I then can go back to find the new things that bring me joy. I can use coping mechanisms to deal with daily challenges that can help make my life full and rich, and not full of regret.
I find deep solace in understanding his love and endurance for me and quite frankly; yes; I do feel it. It is not something that I can easily describe it is a sense of presence that I feel in my life.
I sense it most when I am outside. I specially feel God’s spirit when I’m in nature. I know that his spirit dwells in all things, but mostly it gives power to those who believe.
But, challenges still come and come, and this is exactly when depression hits.
Can Depression be Avoided?
My experience is; to some degree; you cannot avoid it. It can overwhelm you, it can be in fact devastating, it can be something that really takes you down, in the middle of a good day, for no good reason.
But the real challenge, the actual reality you need to understand is…
You need to develop an ability to step back; to think about it; and then start taking stock of the things which do bring you joy.
For me it was getting up in the morning, enjoying the sunshine, getting out in the fresh air. It is focusing on things that I enjoy doing and the things I can do.
For example, on Sunday; after church; (we still watch on-line) I/we decided we needed to get some fresh air. So Sunday after church, we went out and enjoyed God’s creation.
Natures Ability to Cure
We went over to Wellfield Gardens in Elkhart and walked through beautiful spring nature. I enjoyed taking photographs, I also enjoyed the walk although physically it challenged me. It is about half a mile around with side trips to gardens, so I probably walked about a mile by the end of the visit that afternoon.
Monday I was feeling sore from walking that far, so it wasn’t without challenge. I could have focused on that, but I thought about the beauty that I saw and the pictures that I took.
I printed a couple of landscape photos off and used them to paint watercolors. I’ll post the watercolor I painted on the website so I can share it and hopefully you can enjoy it too.

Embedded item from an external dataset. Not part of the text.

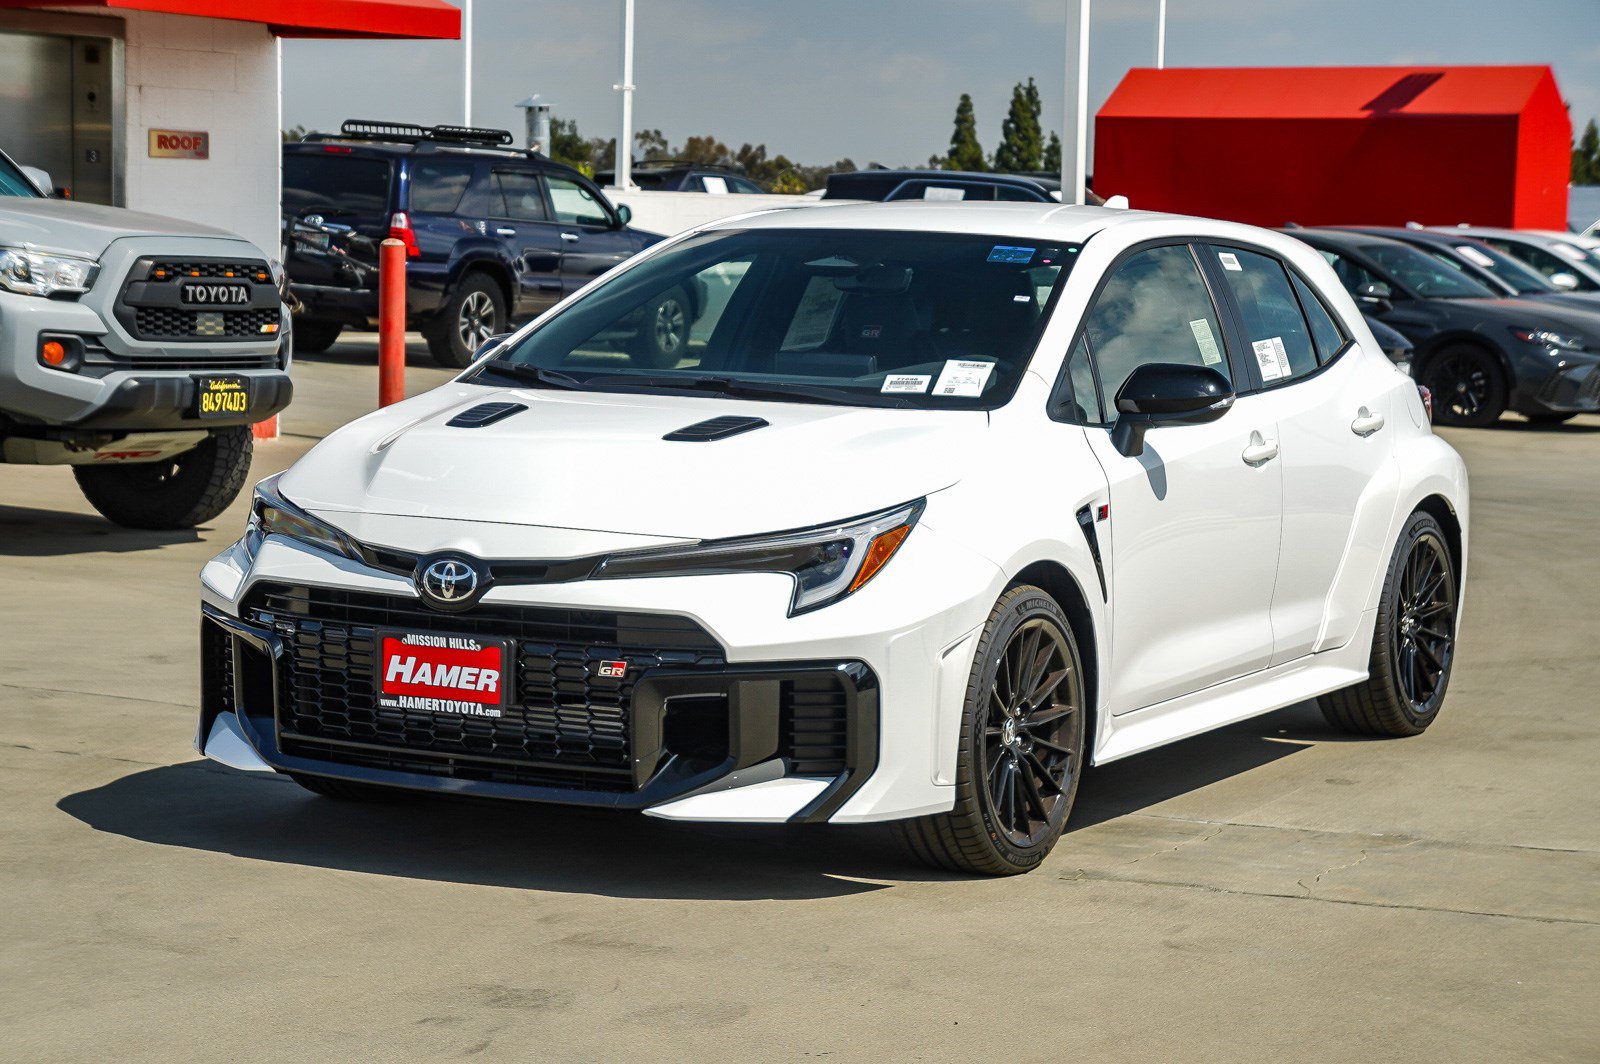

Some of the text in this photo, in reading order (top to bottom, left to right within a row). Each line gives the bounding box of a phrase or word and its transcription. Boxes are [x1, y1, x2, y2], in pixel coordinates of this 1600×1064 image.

That watercolor is a fruit. The opposite of depression. One of things I listed in my article about finding positive things you can do even with your disability. These are the things I listed which were on my ‘Positive Side” of the leger. The things that I want to do with my life, even though I had new physical limitations.
Enjoying nature and watercolor painting was on the list. I have a good friend Dr. Becky who has a deep understanding of psychological and mental issues she; first subtly and then not so subtly; informed me I was using far too much of the right side of my brain. I need to go back and used some a left side of my brain. I will tell you, she was right (again). It felt good; it helped release some of those endorphins that help me feel whole and it excited me to do more.
So, I’m not sure what your list is composed of, but there are things which you can do that matter, no matter what your physical limitation or mental limitation is.
The key is finding them and getting back to them, and like Dr. Becky told me; we should use both sides of our brain. We should use those things which are creative to offset those things which are structured.
So I’ll leave you with this thought. Depression is something that we can deal with it, but I hope that like me, you will find that you are trusting God and the Spirit to find your way out of it. I hope you too experience his deep and abiding presence.
I leave you with that thought of love. Have a very positive day!